Data records |
------
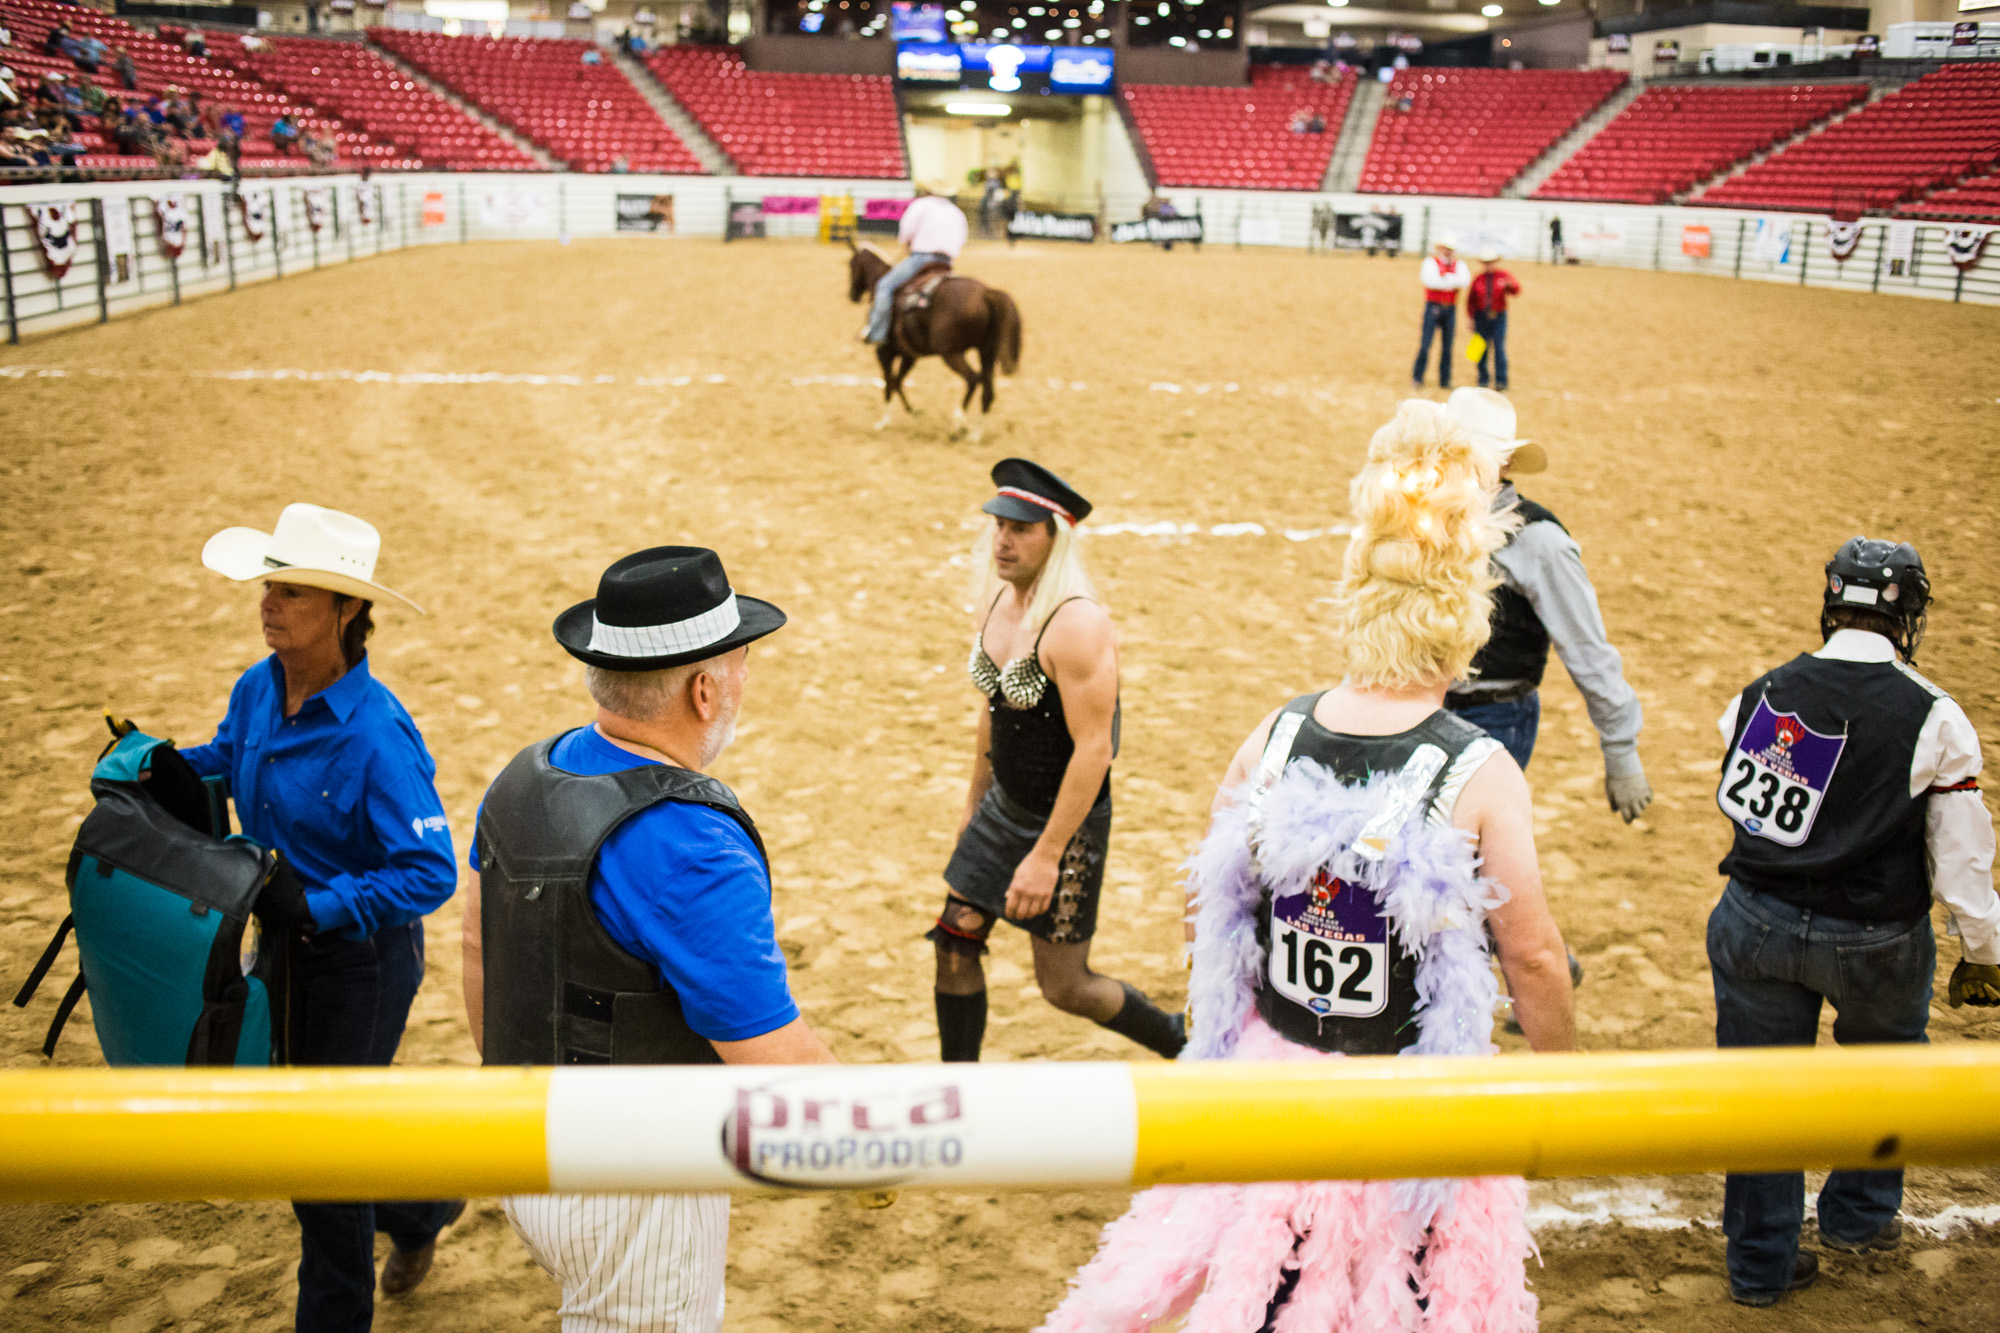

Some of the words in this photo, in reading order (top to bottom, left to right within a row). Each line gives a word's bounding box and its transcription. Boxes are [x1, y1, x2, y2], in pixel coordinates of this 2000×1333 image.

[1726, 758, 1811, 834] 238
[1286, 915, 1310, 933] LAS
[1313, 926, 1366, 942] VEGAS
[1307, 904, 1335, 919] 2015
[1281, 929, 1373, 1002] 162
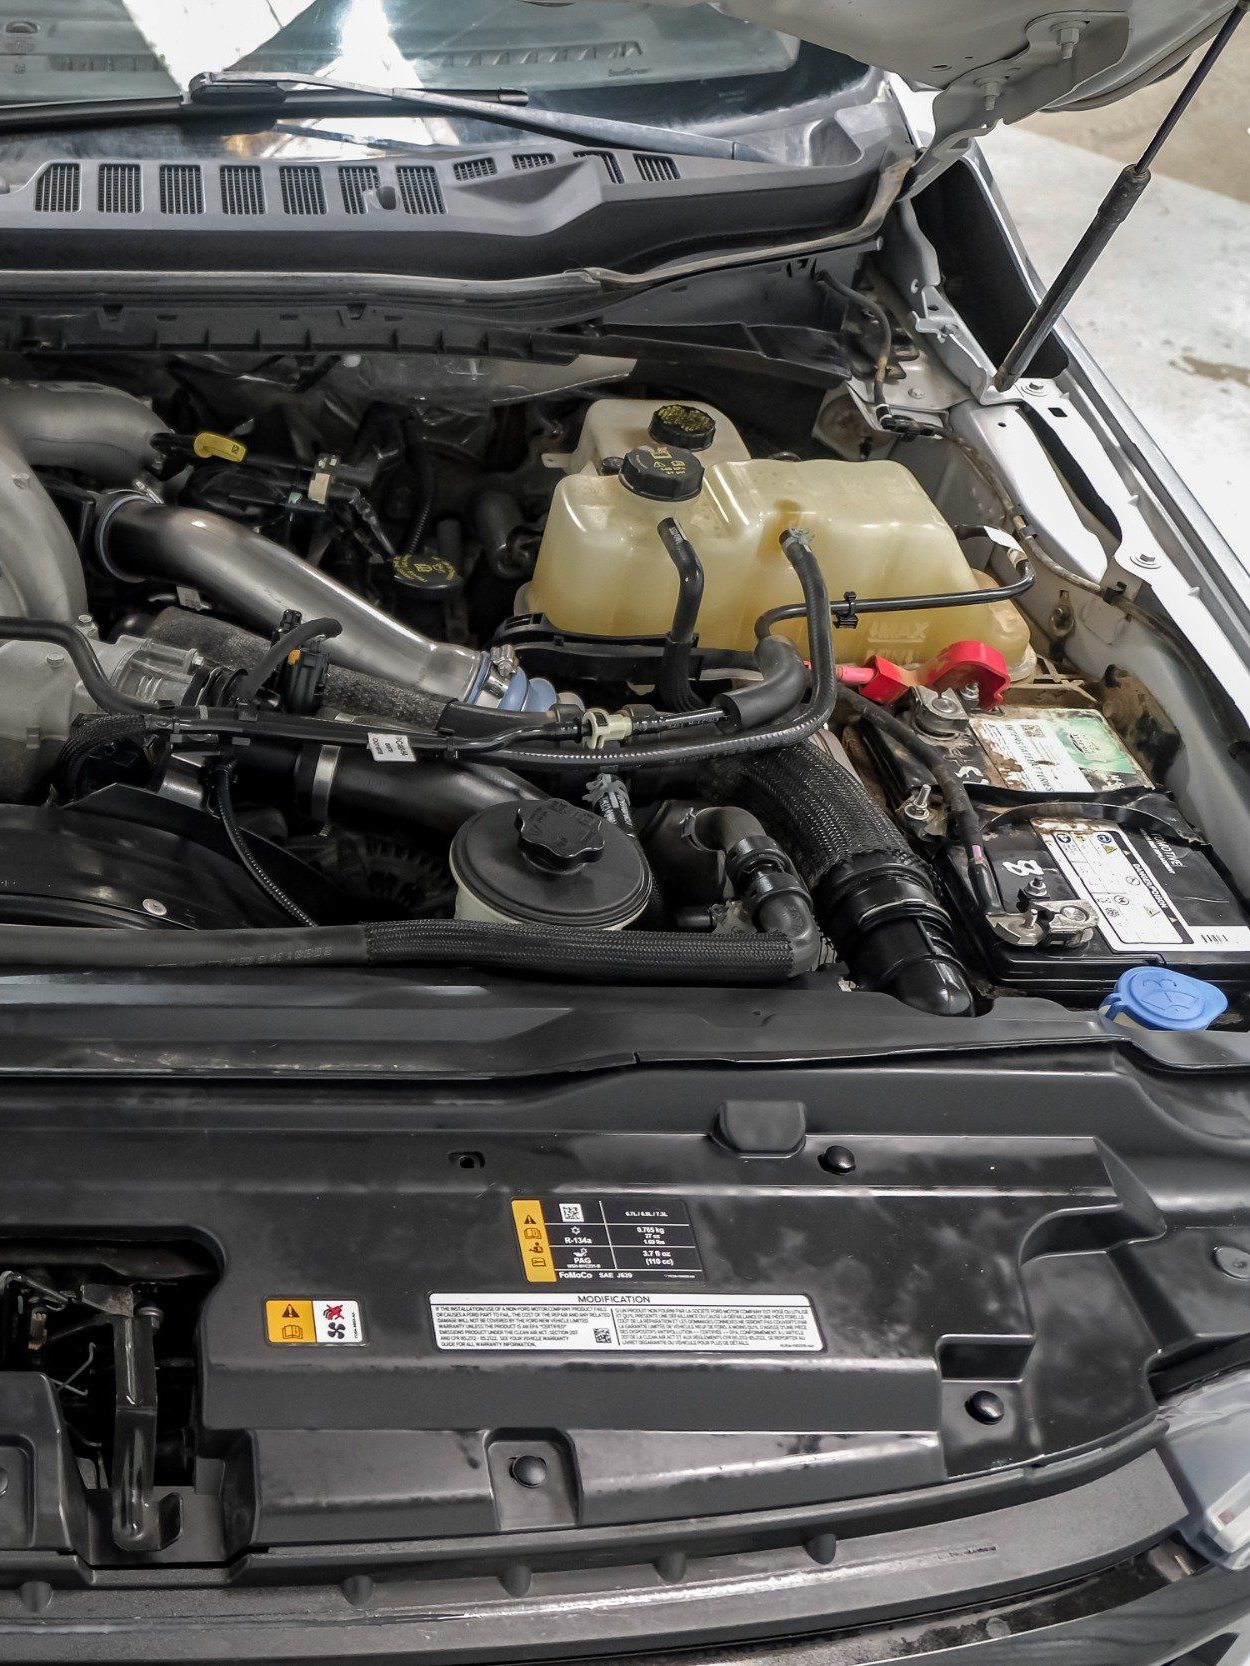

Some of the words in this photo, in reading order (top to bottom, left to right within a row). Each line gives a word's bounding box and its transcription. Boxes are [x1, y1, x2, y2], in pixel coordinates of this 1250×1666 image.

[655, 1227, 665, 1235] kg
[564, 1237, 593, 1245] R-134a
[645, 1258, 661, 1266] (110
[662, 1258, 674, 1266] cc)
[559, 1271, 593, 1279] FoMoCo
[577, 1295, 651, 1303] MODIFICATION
------
Instructions to follow |
Copy the listing exactly. Any image in it stays out of the copy.

Answer space |
Some of the words in this photo, in reading order (top to bottom, left to right within a row). Each line gives a word's bounding box and its transcription. Boxes are [x1, y1, x2, y2], in pixel coordinates of this 2000×1333 image.

[1726, 758, 1811, 834] 238
[1286, 915, 1310, 933] LAS
[1313, 926, 1366, 942] VEGAS
[1307, 904, 1335, 919] 2015
[1281, 929, 1373, 1002] 162

Some of the words in this photo, in reading order (top to bottom, left to right within a row). Each line gives a word's bounding box and its transcription. Boxes are [x1, y1, x2, y2], in pixel coordinates of this 1250×1666 image.

[655, 1227, 665, 1235] kg
[564, 1237, 593, 1245] R-134a
[645, 1258, 661, 1266] (110
[662, 1258, 674, 1266] cc)
[559, 1271, 593, 1279] FoMoCo
[577, 1295, 651, 1303] MODIFICATION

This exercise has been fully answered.